Community Help and Support
We use Stack Overflow with the community to provide support. We highly recommend you ask your questions on Stack Overflow first and browse existing issues to see if someone has asked your question before.
If you find and bug or have a feature request, please raise the issue on GitHub Issues.
To provide a recommendation, visit our User Voice page.
Contribute
We enthusiastically welcome contributions and feedback. You can clone the repo and start contributing now.

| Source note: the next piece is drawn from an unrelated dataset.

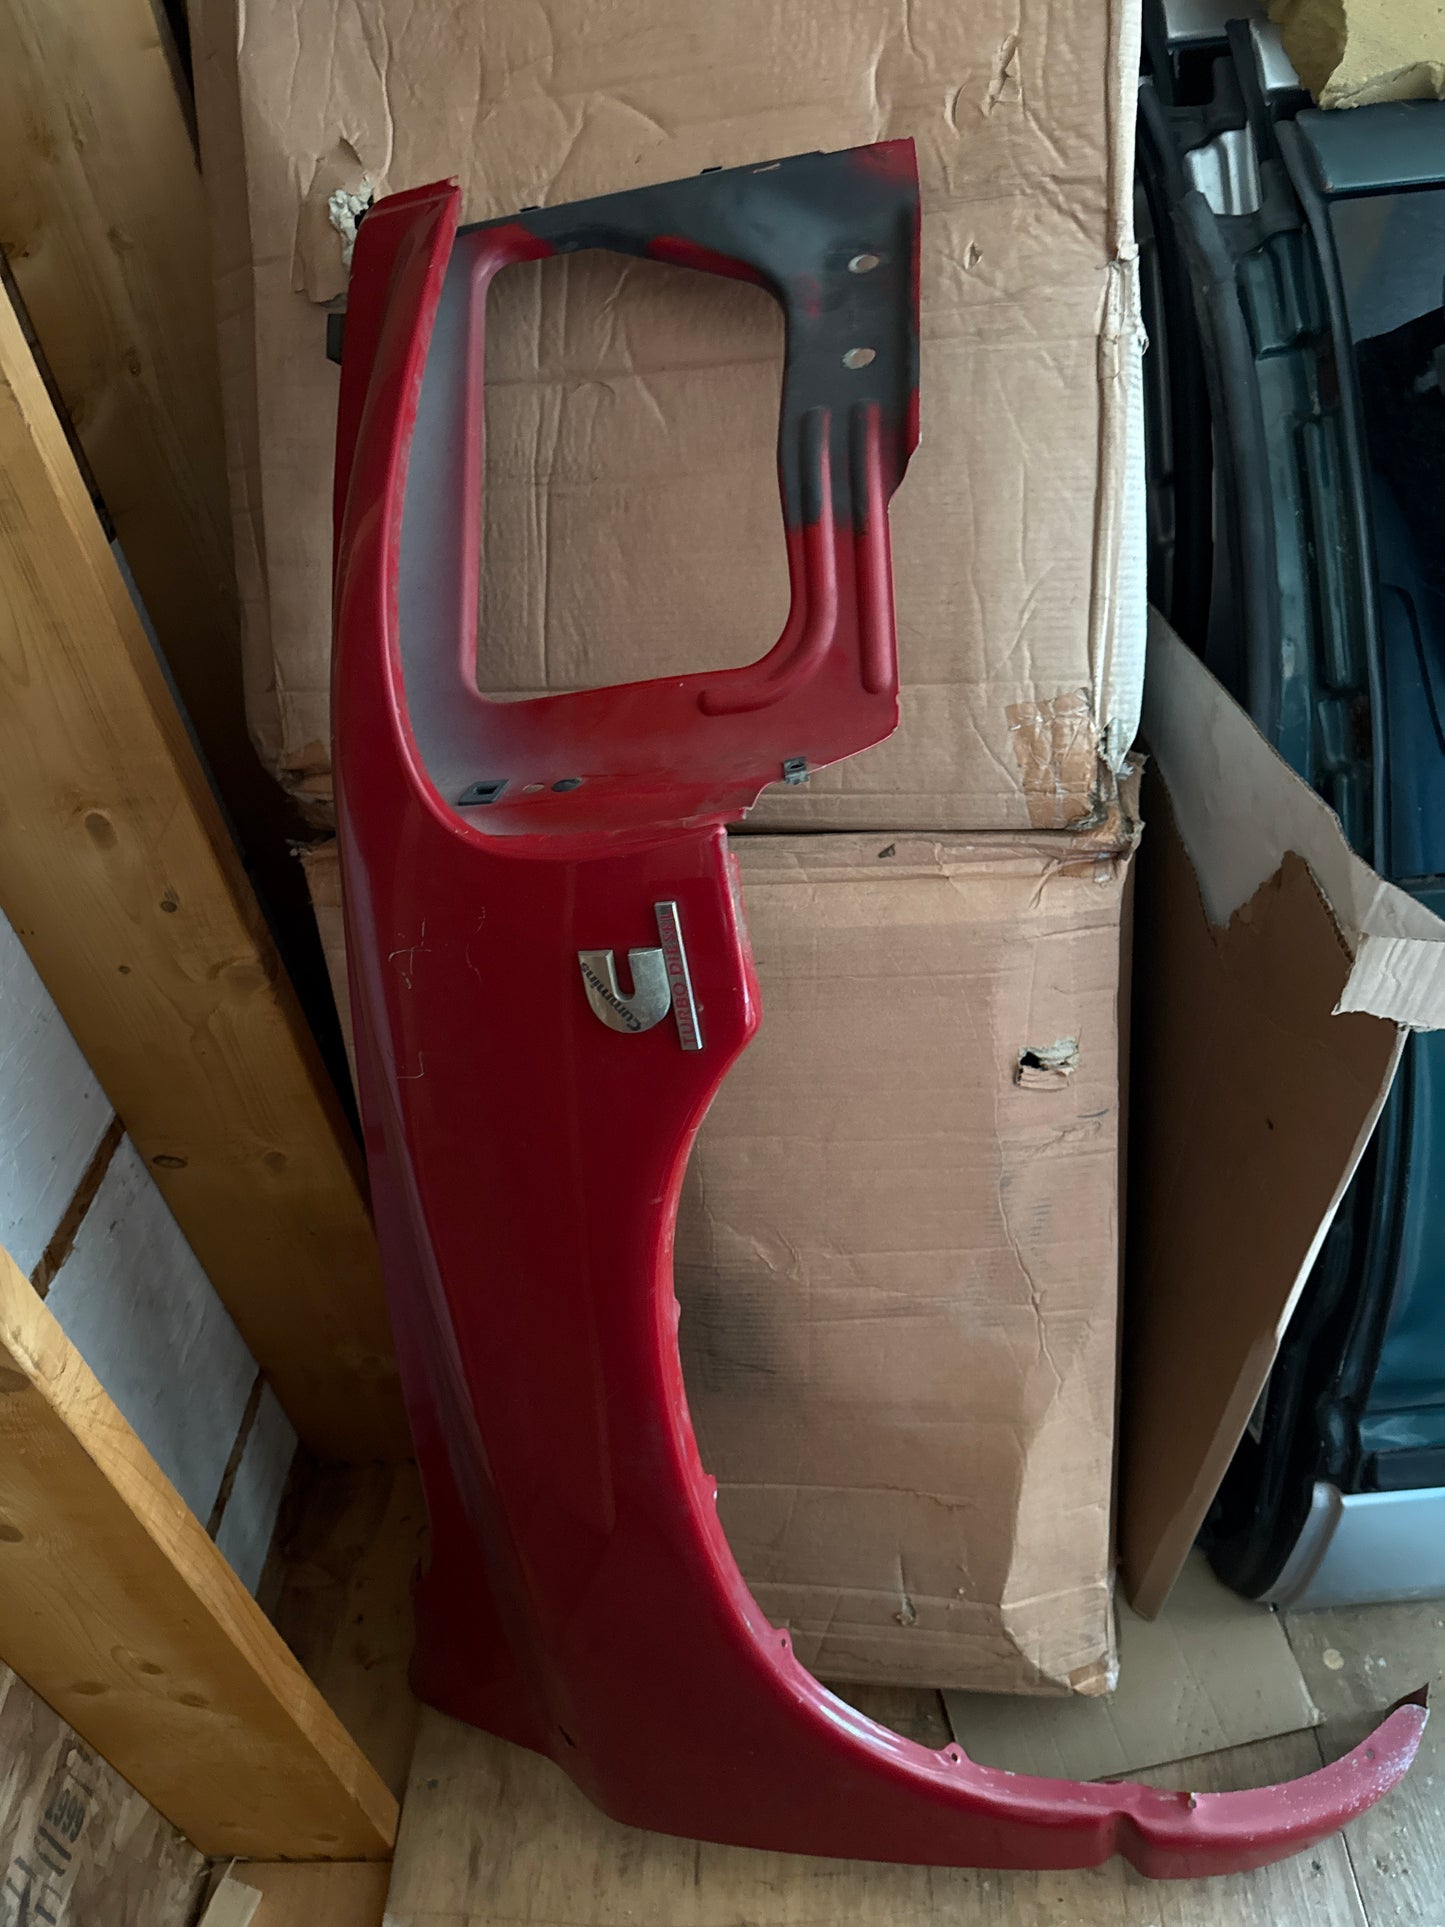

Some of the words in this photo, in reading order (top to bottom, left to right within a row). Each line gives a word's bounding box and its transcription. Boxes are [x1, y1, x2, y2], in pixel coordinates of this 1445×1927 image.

This project has adopted the Microsoft Open Source Code of Conduct. For more information see the Code of Conduct FAQ or contact [email protected] with any additional questions or comments.
Security Library
This library controls how users sign-in and access services. We recommend you always take the latest version of our library in your app when possible. We use semantic versioning so you can control the risk associated with updating your app. As an example, always downloading the latest minor version number (e.g. x. y.x) ensures you get the latest security and feature enhanements but our API surface remains the same. You can always see the latest version and release notes under the Releases tab of GitHub.
Security Reporting
If you find a security issue with our libraries or services please report it to [email protected] with as much detail as possible. Your submission may be eligible for a bounty through the Microsoft Bounty program. Please do not post security issues to GitHub Issues or any other public site. We will contact you shortly upon receiving the information. We encourage you to get notifications of when security incidents occur by visiting this page and subscribing to Security Advisory Alerts.

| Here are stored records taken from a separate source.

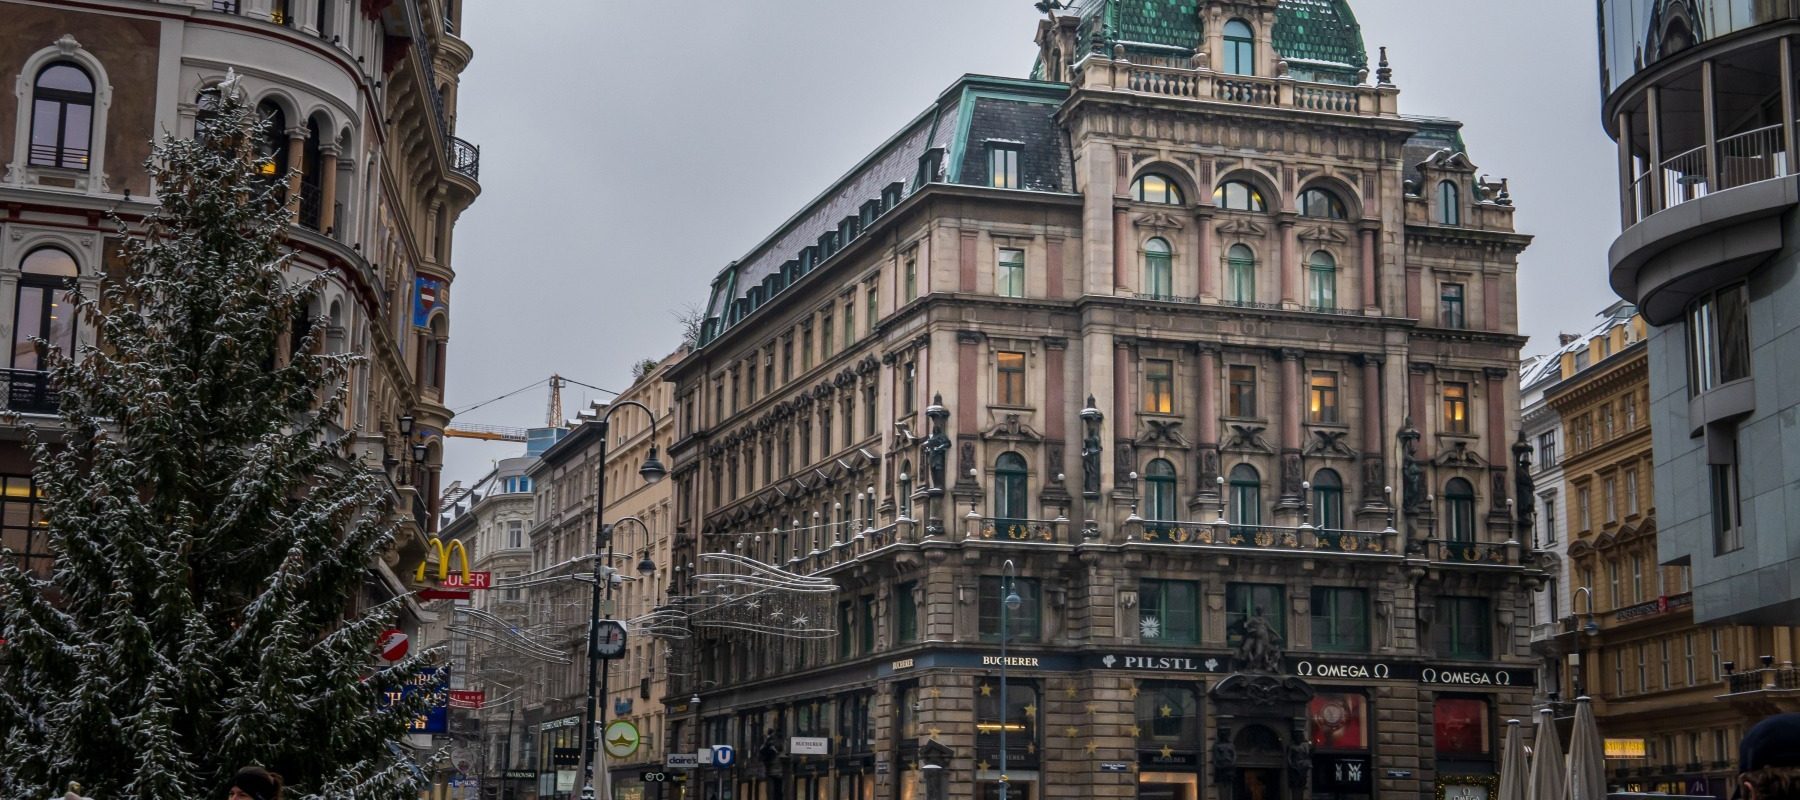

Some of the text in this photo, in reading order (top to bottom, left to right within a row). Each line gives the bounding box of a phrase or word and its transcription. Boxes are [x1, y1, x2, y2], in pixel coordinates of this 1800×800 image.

[983, 656, 1039, 667] BUCHERER
[1125, 656, 1197, 670] PILSTL
[1317, 664, 1369, 678] OMEGA
[1441, 671, 1491, 684] OMEGA
[718, 749, 731, 764] U

Copyright (c) Microsoft Corporation. All rights reserved. Licensed under the MIT License (the "License");
Using MSAL
-
Make sure you've included MSAL in your app's build.gradle.
-
Before you can get a token from Azure AD v2.0 or Azure AD B2C, you'll need to register an application. For Azure AD v2.0, use the app registration portal. For Azure AD B2C, checkout how to register your app with B2C.
Requirements
- Android SDK 21+
- Chrome
Step 1: Configure the AndroidManifest.xml
- Give your app Internet permissions
<uses-permission android:name="android.permission.INTERNET"/>
<uses-permission android:name="android.permission.ACCESS_NETWORK_STATE"/>
- Configure your Intent filter, make sure you add your App/Client ID
<!--Intent filter to capture System Browser calling back to our app after Sign In-->
<activity
android:name="com.microsoft.identity.client.BrowserTabActivity">
<intent-filter>
<action android:name="android.intent.action.VIEW" />
<category android:name="android.intent.category.DEFAULT" />
<category android:name="android.intent.category.BROWSABLE" />
<data android:scheme="msal<YOUR_CLIENT_ID>"
android:host="auth" />
</intent-filter>
</activity>
Step 2: Instantiate MSAL and Acquire a Token
- Create a new PublicClientApplication instance. Make sure to fill in your app/client id
PublicClientApplication myApp = new PublicClientApplication(
this.getApplicationContext(),
CLIENT_ID);
- Acquire a token
myApp.acquireToken(this, "User.Read", getAuthInteractiveCallback());
Step 3: Configure the Auth helpers
- Create an onActivityResult method
/* Handles the redirect from the System Browser */
@Override
protected void onActivityResult(int requestCode, int resultCode, Intent data) {
sampleApp.handleInteractiveRequestRedirect(requestCode, resultCode, data);
}
- Create the getAuthInteractiveCallback method
private AuthenticationCallback getAuthInteractiveCallback() {
return new AuthenticationCallback() {
@Override
public void onSuccess(AuthenticationResult authenticationResult) {
/* Successfully got a token, use it to call a protected resource */
String accessToken = authenticationResult.getAccessToken();
}
@Override
public void onError(MsalException exception) {
/* Failed to acquireToken */
if (exception instanceof MsalClientException) {
/* Exception inside MSAL, more info inside MsalError.java */
}
else if (exception instanceof MsalServiceException) {
/* Exception when communicating with the STS, likely config issue */
}
}
@Override
public void onCancel() {
/* User canceled the authentication */
}
}
;
}
Step 4: Use the token!
The access token can now be used in an HTTP Bearer request.